### Action item
For this exercise, write out the full listing that follows exactly and skip its pictures.

....

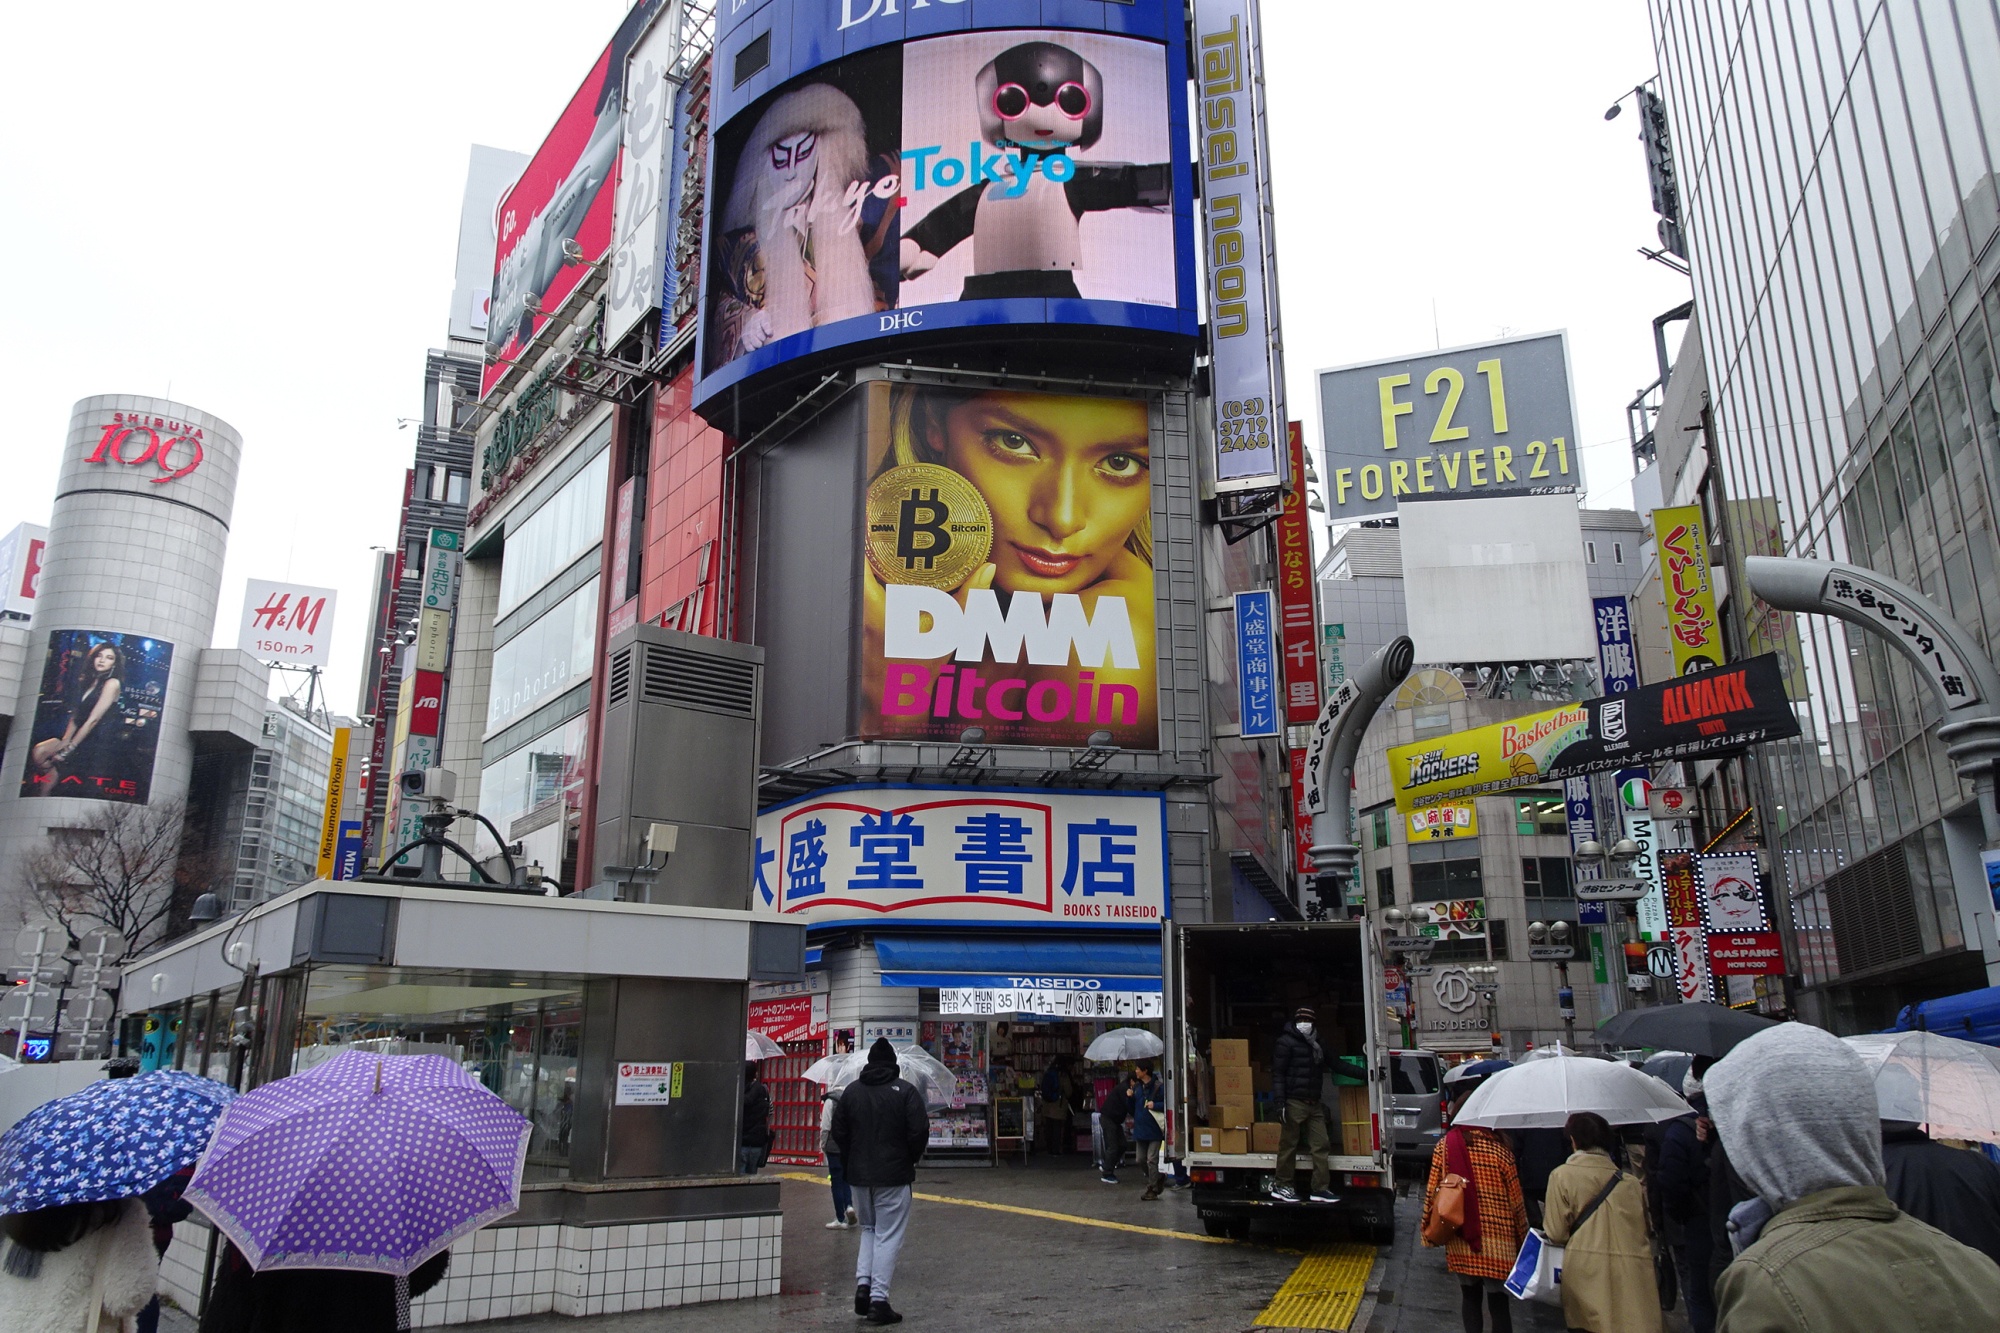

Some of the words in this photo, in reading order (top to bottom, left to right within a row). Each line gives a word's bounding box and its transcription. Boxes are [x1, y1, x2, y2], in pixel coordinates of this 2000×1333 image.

[1201, 15, 1249, 181] Taisei
[901, 141, 1076, 198] Tokyo
[1210, 193, 1250, 340] neon
[879, 311, 924, 333] DHC
[113, 411, 205, 440] SHIBUYA
[1220, 415, 1269, 436] 3719
[1222, 398, 1265, 418] (03)
[84, 422, 205, 484] 109
[1220, 433, 1270, 453] 2468
[1335, 445, 1517, 505] FOREVER
[1526, 437, 1569, 480] 21
[950, 524, 986, 533] Bitcoin
[1663, 524, 1712, 648] くいしんぼ
[252, 592, 327, 636] H&M
[884, 583, 1141, 670] DMM
[429, 613, 441, 660] Euphoria
[1284, 603, 1318, 708] 三千里
[1833, 579, 1967, 697] 渋谷センター街
[1243, 600, 1271, 729] 大盛堂商事ビル
[1329, 647, 1345, 685] 渋谷西村
[415, 696, 439, 709] JTB
[491, 657, 568, 723] Euphoria
[880, 662, 1140, 725] Bitcoin
[1662, 670, 1755, 726] ALVARK
[1307, 685, 1352, 809] 渋谷センター街
[1423, 749, 1442, 762] SUN
[1500, 708, 1588, 761] Basketball
[1538, 724, 1589, 774] STREET
[32, 774, 138, 790] KATE
[329, 757, 344, 797] KiYoshi
[1401, 752, 1481, 790] ROCKERS
[322, 797, 339, 860] Matsumoto
[1427, 808, 1454, 825] 麻雀
[753, 812, 1138, 906] 大盛堂書店
[1580, 882, 1645, 894] 渋谷センター街
[1668, 879, 1683, 926] ハンバーグ
[1063, 904, 1102, 917] BOOKS
[1106, 904, 1158, 918] TAISEIDO
[1713, 949, 1740, 958] GAS
[1740, 948, 1779, 958] PANIC
[1731, 938, 1757, 946] CLUB
[1007, 977, 1102, 990] TAISEIDO
[1674, 930, 1699, 999] ラーメン
[749, 1000, 810, 1017] リクルートのフリーペーパー
[941, 990, 959, 1002] HUN
[974, 990, 993, 1002] HUN
[998, 993, 1013, 1009] 35
[1016, 991, 1072, 1014] ハイキュー!!
[941, 1002, 959, 1013] TER
[975, 1002, 993, 1013] TER
[633, 1066, 668, 1076] 路上演奏禁止
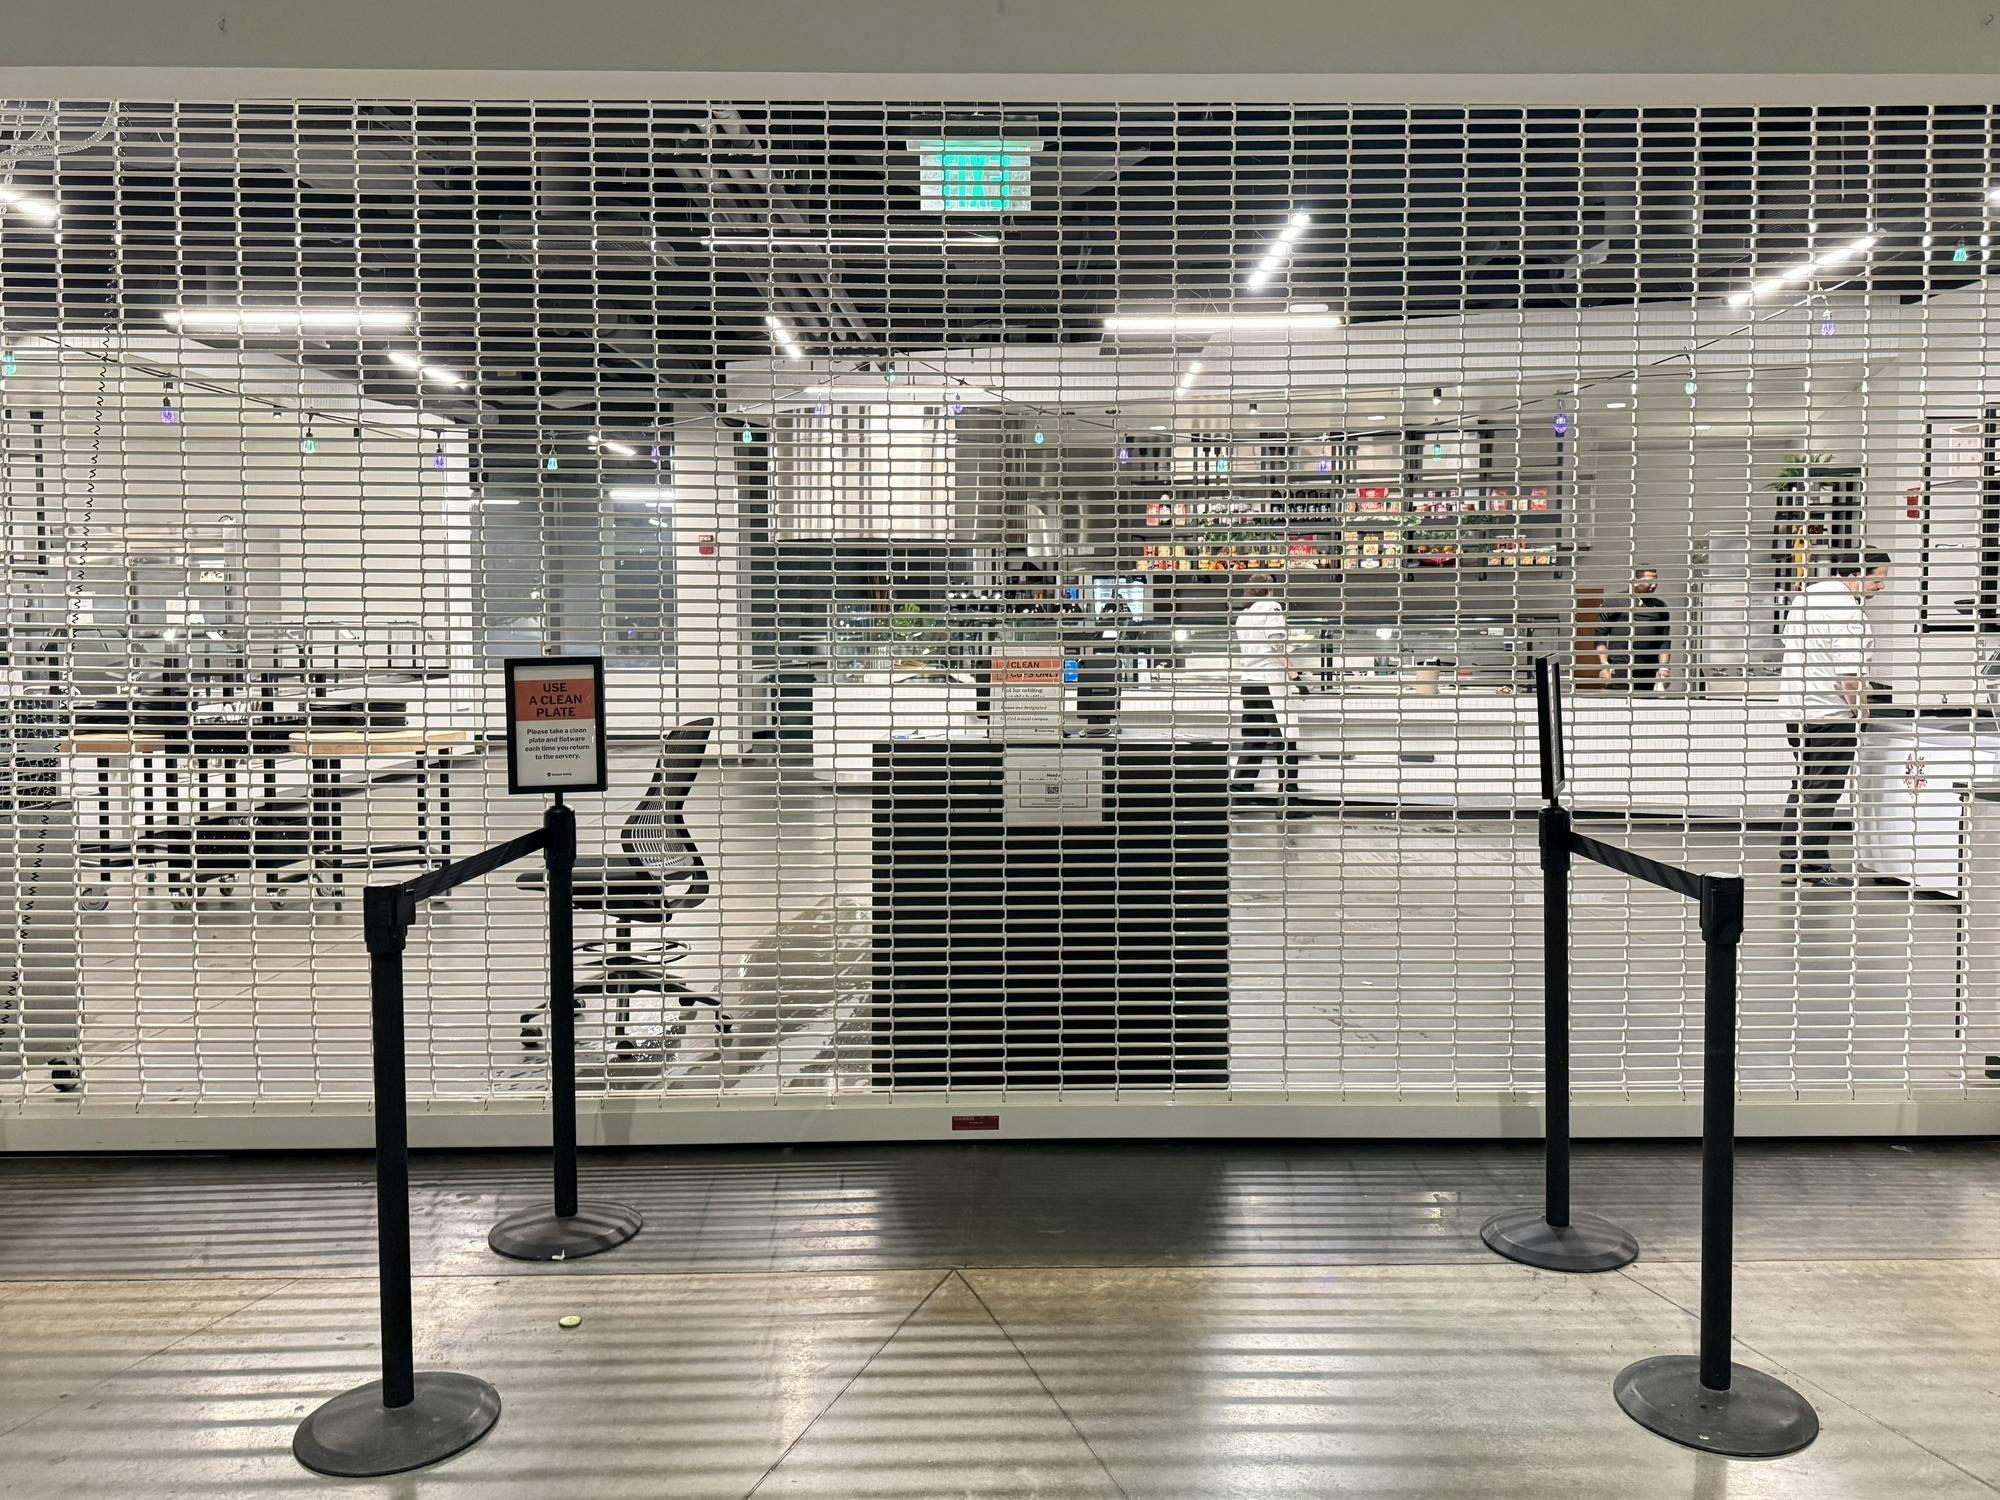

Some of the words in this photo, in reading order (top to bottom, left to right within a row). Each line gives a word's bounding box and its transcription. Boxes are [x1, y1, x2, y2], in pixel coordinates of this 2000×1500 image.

....

### Task solution
Some of the words in this photo, in reading order (top to bottom, left to right within a row). Each line gives a word's bounding box and its transcription. Boxes are [x1, y1, x2, y2], in pixel coordinates of this 2000×1333 image.

[1201, 15, 1249, 181] Taisei
[901, 141, 1076, 198] Tokyo
[1210, 193, 1250, 340] neon
[879, 311, 924, 333] DHC
[113, 411, 205, 440] SHIBUYA
[1220, 415, 1269, 436] 3719
[1222, 398, 1265, 418] (03)
[84, 422, 205, 484] 109
[1220, 433, 1270, 453] 2468
[1335, 445, 1517, 505] FOREVER
[1526, 437, 1569, 480] 21
[950, 524, 986, 533] Bitcoin
[1663, 524, 1712, 648] くいしんぼ
[252, 592, 327, 636] H&M
[884, 583, 1141, 670] DMM
[429, 613, 441, 660] Euphoria
[1284, 603, 1318, 708] 三千里
[1833, 579, 1967, 697] 渋谷センター街
[1243, 600, 1271, 729] 大盛堂商事ビル
[1329, 647, 1345, 685] 渋谷西村
[415, 696, 439, 709] JTB
[491, 657, 568, 723] Euphoria
[880, 662, 1140, 725] Bitcoin
[1662, 670, 1755, 726] ALVARK
[1307, 685, 1352, 809] 渋谷センター街
[1423, 749, 1442, 762] SUN
[1500, 708, 1588, 761] Basketball
[1538, 724, 1589, 774] STREET
[32, 774, 138, 790] KATE
[329, 757, 344, 797] KiYoshi
[1401, 752, 1481, 790] ROCKERS
[322, 797, 339, 860] Matsumoto
[1427, 808, 1454, 825] 麻雀
[753, 812, 1138, 906] 大盛堂書店
[1580, 882, 1645, 894] 渋谷センター街
[1668, 879, 1683, 926] ハンバーグ
[1063, 904, 1102, 917] BOOKS
[1106, 904, 1158, 918] TAISEIDO
[1713, 949, 1740, 958] GAS
[1740, 948, 1779, 958] PANIC
[1731, 938, 1757, 946] CLUB
[1007, 977, 1102, 990] TAISEIDO
[1674, 930, 1699, 999] ラーメン
[749, 1000, 810, 1017] リクルートのフリーペーパー
[941, 990, 959, 1002] HUN
[974, 990, 993, 1002] HUN
[998, 993, 1013, 1009] 35
[1016, 991, 1072, 1014] ハイキュー!!
[941, 1002, 959, 1013] TER
[975, 1002, 993, 1013] TER
[633, 1066, 668, 1076] 路上演奏禁止

Some of the words in this photo, in reading order (top to bottom, left to right within a row). Each line gives a word's bounding box and its transcription. Boxes are [x1, y1, x2, y2], in pixel coordinates of this 2000×1500 image.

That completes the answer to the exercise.